On May 3, 2020, a 28-year-old black transgender woman named Nina Pop was found dead with multiple stab wounds after being stabbed with a knife inside her apartment on South New Madrid Street in Sikeston, Missouri.

Nina Pop 
Pop was a black transgender woman.  She lived 145 miles south of St. Louis in Sikeston, Missouri, a small town of 16,000 people.

Aftermath 
On May 15, 2020 in Dexter, Missouri, Joseph B. Cannon from Poplar Bluff, Missouri, was accused of Pop's murder and arrested for second-degree murder and armed criminal action.
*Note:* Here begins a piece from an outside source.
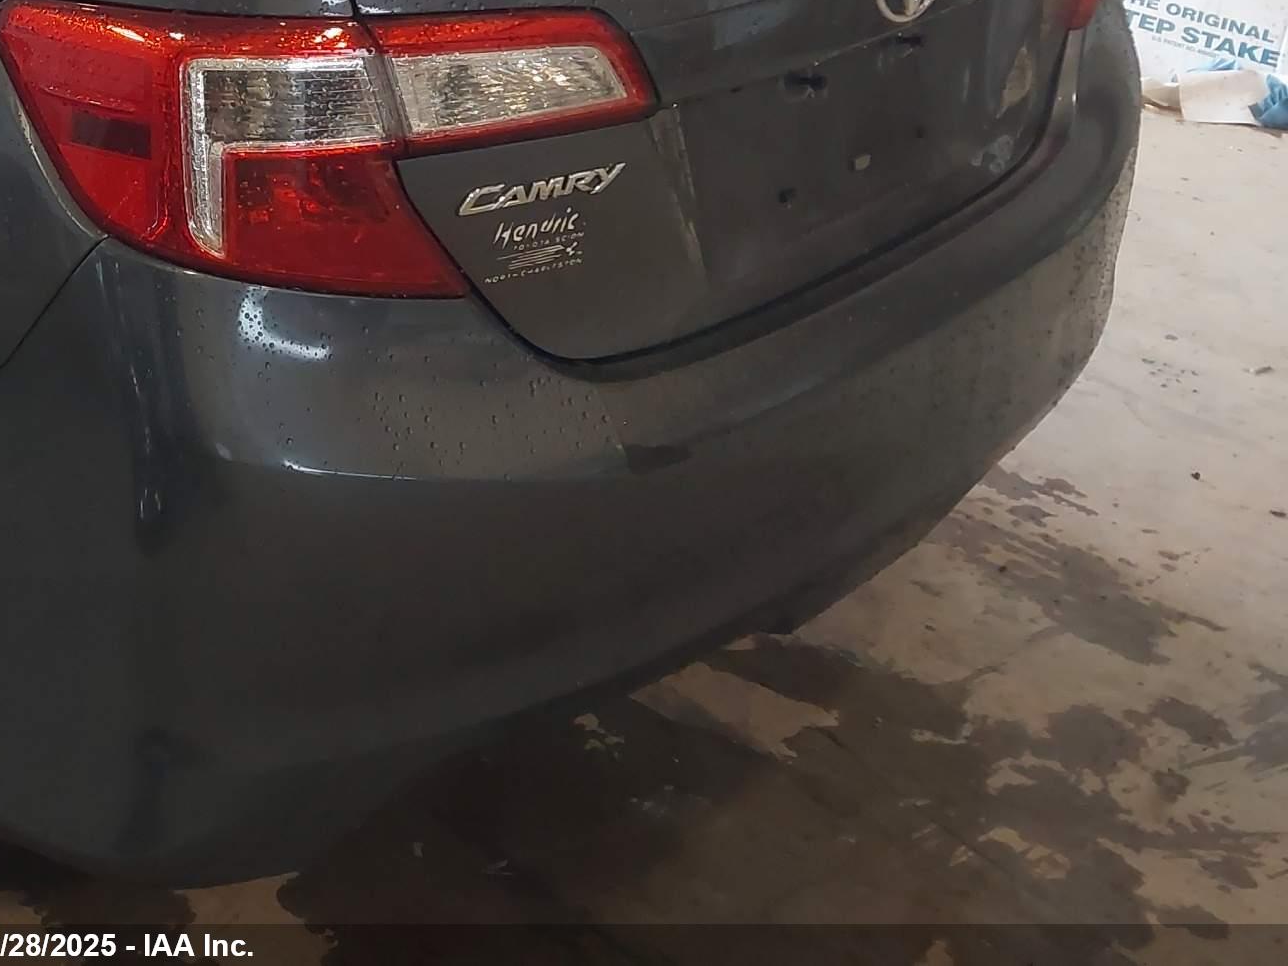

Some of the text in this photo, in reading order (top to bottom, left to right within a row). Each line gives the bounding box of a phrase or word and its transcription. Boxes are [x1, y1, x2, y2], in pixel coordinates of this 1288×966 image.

He pleaded not guilty, requested a public defender, and awaits trial. 11 crime labs, anti-violence organizations, and police departments contributed to the investigation.

Sikeston Department of Public Safety and a local TV network initially misgendered Pop during their investigation and reporting, respectively.

The Human Rights Campaign stated that her death is at least the 10th violent death of an American transgender person or gender non-conforming person in 2020.

Community response 
The Okra Project, a grassroots organization initially focused on addressing food insecurity in the black transgender community, dedicated $15,000 to form the Nina Pop Mental Health Recovery Fund and the Tony McDade Mental Health Recovery Fund in to raise money for free one-time mental health therapy sessions for black transgender individuals.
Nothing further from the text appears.